Andreas Ogrinz: Na ja, weil ich natürlich schauen muss, ob ich die richtigen Skills habe, oder ist das ein richtiges Skill-Set? Das heißt, die Gesamtheit an Skills, die ich brauche, um die Transformation zu bewältigen. Und wir wissen ja, dass die Chemie- und Pharmabranche zurzeit in einer Transformation steckt. In einer Krise, kann man auch sagen, wo wir auf der einen Seite mit dem Problem konfrontiert sind, dass wir durchaus zu viele Menschen in Beschäftigung haben. Die müssen zum Teil sogar bei Umstrukturierungen freigesetzt werden. Das ist nicht so schön. Gleichzeitig müssen wir aber neue Leute gewinnen von extern, aber auch von intern, damit wir die richtigen Kompetenzen für die Transformation haben und das Bild darüber zu haben, was wir brauchen und was wir nicht mehr brauchen. Das ist erst mal wichtig, was man dann damit macht. Das ist ein zweiter Schritt. Und was ich mit den Berufsbildern sagen wollte, Tobias, war gar nicht so sehr, dass ich dann nie mehr etwas ändern wird. Ich wollte nur sagen, diese Berufsbilder sind einfach intelligent gestrickt, die sind tragfähig und können ein paar Jahre sehr, sehr gut funktionieren. Aber kann schon sein, dass wir in fünf Jahren sagen na ja, Chemiker ist vielleicht doch veraltet und die müssen da noch mal ran.
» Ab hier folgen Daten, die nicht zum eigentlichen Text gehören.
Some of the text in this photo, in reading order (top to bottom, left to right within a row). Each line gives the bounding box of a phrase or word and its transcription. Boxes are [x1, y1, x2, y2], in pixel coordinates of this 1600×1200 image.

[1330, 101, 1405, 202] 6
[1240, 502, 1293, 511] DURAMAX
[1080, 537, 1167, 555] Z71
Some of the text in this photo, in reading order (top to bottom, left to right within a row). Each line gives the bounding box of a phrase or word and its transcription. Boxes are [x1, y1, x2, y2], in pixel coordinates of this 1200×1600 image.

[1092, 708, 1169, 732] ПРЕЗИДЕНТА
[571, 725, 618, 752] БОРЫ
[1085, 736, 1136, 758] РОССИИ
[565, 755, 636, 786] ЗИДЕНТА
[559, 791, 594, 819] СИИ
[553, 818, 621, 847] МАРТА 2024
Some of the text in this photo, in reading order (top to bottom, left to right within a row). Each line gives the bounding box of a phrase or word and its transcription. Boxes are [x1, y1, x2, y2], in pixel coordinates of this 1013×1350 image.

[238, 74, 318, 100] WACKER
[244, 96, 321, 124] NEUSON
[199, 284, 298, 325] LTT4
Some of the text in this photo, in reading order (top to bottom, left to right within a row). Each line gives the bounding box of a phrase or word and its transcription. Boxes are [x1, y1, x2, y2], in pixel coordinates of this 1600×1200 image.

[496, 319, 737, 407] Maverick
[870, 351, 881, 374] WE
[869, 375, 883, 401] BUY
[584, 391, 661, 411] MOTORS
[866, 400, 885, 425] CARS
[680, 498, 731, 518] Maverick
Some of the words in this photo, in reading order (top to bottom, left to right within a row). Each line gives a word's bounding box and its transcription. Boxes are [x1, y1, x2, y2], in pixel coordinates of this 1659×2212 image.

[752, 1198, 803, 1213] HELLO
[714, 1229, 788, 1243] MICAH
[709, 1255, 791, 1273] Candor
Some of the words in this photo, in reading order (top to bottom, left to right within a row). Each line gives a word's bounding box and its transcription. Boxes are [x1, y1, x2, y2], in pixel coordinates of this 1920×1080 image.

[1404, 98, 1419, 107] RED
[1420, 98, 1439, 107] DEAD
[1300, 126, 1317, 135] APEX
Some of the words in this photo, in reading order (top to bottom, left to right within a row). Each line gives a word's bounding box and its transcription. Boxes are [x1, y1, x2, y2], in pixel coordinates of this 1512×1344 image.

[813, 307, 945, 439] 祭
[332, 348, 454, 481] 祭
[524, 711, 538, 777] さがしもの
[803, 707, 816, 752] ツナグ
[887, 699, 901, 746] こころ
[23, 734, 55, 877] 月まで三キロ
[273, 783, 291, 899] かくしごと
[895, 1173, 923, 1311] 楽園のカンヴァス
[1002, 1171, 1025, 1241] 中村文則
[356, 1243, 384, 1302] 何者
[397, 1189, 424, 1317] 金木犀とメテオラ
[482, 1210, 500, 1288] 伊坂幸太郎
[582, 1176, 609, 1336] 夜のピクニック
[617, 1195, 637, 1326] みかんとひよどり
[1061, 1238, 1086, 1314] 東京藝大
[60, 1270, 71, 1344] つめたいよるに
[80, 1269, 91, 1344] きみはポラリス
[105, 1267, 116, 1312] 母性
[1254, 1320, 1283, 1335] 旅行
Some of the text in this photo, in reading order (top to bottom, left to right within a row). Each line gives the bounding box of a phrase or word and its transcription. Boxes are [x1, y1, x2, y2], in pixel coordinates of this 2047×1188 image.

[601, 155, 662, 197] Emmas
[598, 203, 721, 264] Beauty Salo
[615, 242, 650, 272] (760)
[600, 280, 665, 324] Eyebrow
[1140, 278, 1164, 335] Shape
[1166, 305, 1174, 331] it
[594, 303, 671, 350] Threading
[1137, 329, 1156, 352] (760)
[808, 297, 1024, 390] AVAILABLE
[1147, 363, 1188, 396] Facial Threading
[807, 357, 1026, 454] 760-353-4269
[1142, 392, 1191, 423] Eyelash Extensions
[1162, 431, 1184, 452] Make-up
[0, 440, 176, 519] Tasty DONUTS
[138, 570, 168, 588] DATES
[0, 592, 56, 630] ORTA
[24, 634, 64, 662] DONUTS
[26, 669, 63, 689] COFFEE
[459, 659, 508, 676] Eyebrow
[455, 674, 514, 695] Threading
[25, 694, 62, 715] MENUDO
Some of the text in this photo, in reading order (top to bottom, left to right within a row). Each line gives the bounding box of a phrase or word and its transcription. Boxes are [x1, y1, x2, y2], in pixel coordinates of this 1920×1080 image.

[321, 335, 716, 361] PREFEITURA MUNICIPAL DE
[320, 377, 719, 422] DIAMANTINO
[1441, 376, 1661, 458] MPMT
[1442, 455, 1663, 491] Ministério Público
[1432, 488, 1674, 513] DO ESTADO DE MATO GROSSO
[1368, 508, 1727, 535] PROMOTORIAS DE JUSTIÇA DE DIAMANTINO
Tobias Göpel: Ich nehme für mich einmal den Punkt mit, dass in der Transformation Unternehmen gefordert sind, eine gewisse Weiterbildung von Mitarbeitenden durchzuführen. Und da kann der Report dazu dienen, sich zu orientieren. In welche Richtung sollte das gehen? Ich hatte letztens auch einen Podcast mit dem Landesbeauftragten für Biotechnologie, Herrn Professor Thines, und er meinte, dass wir immer globaler werden. Ich bekomme mit, dass immer mehr Führungskräfte aus dem Ausland für uns gewonnen werden können. Dieser Future Skills Report könnte durchaus auch dazu dienen, eine gewisse Attraktivität herzustellen. Dass wir uns als Unternehmen aufbauen, dass Leute mit entsprechenden Skills sich dann wohlfühlen und sagen: Das ist ein guter Ort hier in Deutschland.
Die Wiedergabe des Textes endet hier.